Box 26.1 Causes of osteomalacia

Vitamin Ddeficiency

Reduced synthesis, intake or absorption

Inadequate sunlight exposure

Malabsorption: small bowel disease (e.g. coeliac disease, inflammatory bowel disease), extensive bowel surgery, gastrectomy, pancreatic insufficiency

Reduced 25-hydroxylation of vitamin D

Liver disease

Anticonvulsants

Reduced 1α-hydroxylation

Chronic kidney disease

Hypoparathyroidism (reduced stimulation of vitamin D 1α-hydroxylation by PTH)

Vitamin D-dependent rickets type 1 (an autosomal recessive disorder caused by mutations in the gene encoding the enzyme 1α-hydroxylase)

Vitamin D-dependent rickets type 2 (an autosomal recessive disorder caused by mutations in the gene encoding the vitamin D receptor, resulting in target organ resistance to vitamin D)

Primary renal phosphate wasting

Type 2 renal tubular acidosis: Fanconi’s syndrome, multiple myeloma

Hereditary hypophosphataemic rickets (X-linked and autosomal dominant)

Oncogenic osteomalacia

Rarer causes

Abnormal bone matrix: osteogenesis imperfecta, fibrogenesis imperfecta

Hypophosphatasia (associated with periodontal disease)

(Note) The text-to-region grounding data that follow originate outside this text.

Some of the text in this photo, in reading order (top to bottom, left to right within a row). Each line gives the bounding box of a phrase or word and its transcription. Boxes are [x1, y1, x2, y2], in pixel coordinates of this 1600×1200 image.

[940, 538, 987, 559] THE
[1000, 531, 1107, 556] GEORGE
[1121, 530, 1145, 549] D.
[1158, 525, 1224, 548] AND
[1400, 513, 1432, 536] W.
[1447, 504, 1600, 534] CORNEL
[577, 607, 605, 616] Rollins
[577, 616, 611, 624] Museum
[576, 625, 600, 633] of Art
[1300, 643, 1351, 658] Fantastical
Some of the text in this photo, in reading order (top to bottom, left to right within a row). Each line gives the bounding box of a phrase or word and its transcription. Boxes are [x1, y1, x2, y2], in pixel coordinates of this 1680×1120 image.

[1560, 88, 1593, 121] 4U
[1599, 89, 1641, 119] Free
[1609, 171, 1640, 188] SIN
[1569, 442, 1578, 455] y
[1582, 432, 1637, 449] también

Mineralization inhibitors: high doses of fluoride (e.g. in certain teas), aluminium, bisphosphonates

Clinical presentations

Osteomalacia may be asymptomatic and present radiologically as osteopenia. Clinically, patients with osteomalacia may present with diffuse bone pain and tenderness, fractures with little or no trauma (typically in the ribs, vertebrae and long bones) and proximal muscle weakness, which may be associated with a waddling gait.

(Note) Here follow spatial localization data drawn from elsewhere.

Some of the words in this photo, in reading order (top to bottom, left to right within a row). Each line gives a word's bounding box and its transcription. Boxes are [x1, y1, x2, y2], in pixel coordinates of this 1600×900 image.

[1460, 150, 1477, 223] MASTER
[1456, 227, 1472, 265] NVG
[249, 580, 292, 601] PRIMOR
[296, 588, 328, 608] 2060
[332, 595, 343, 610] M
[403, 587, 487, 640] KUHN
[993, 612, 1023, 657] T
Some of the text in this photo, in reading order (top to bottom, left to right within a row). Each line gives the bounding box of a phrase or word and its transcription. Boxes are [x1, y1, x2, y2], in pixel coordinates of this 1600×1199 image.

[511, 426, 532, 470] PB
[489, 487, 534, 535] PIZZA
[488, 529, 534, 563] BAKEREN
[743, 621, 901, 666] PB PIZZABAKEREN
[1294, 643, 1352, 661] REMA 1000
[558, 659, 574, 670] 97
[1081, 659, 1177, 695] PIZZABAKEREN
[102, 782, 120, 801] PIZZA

History and physical examination should look for symptoms and signs of the possible underlying cause.

Children with rickets may present with hypotonia, growth retardation and skeletal deformities.

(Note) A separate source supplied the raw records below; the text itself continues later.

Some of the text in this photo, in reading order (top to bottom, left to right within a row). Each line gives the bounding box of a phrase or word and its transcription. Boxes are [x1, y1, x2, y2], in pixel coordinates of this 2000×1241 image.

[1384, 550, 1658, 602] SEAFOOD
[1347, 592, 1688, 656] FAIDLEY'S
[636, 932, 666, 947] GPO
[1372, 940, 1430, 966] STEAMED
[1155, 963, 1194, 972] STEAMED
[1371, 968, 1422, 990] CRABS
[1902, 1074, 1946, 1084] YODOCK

The laying down of uncalcified osteoid at the metaphases leads to widening of the ends of the long bones. This may be seen as ‘rachitic rosary’ in the ribs (enlarged ends of the ribs resembling beads at the costochondral junction) and at the level of the ankle and the wrist. Other skeletal deformities include frontal bossing, pectus carinatum and bowing of the long bones.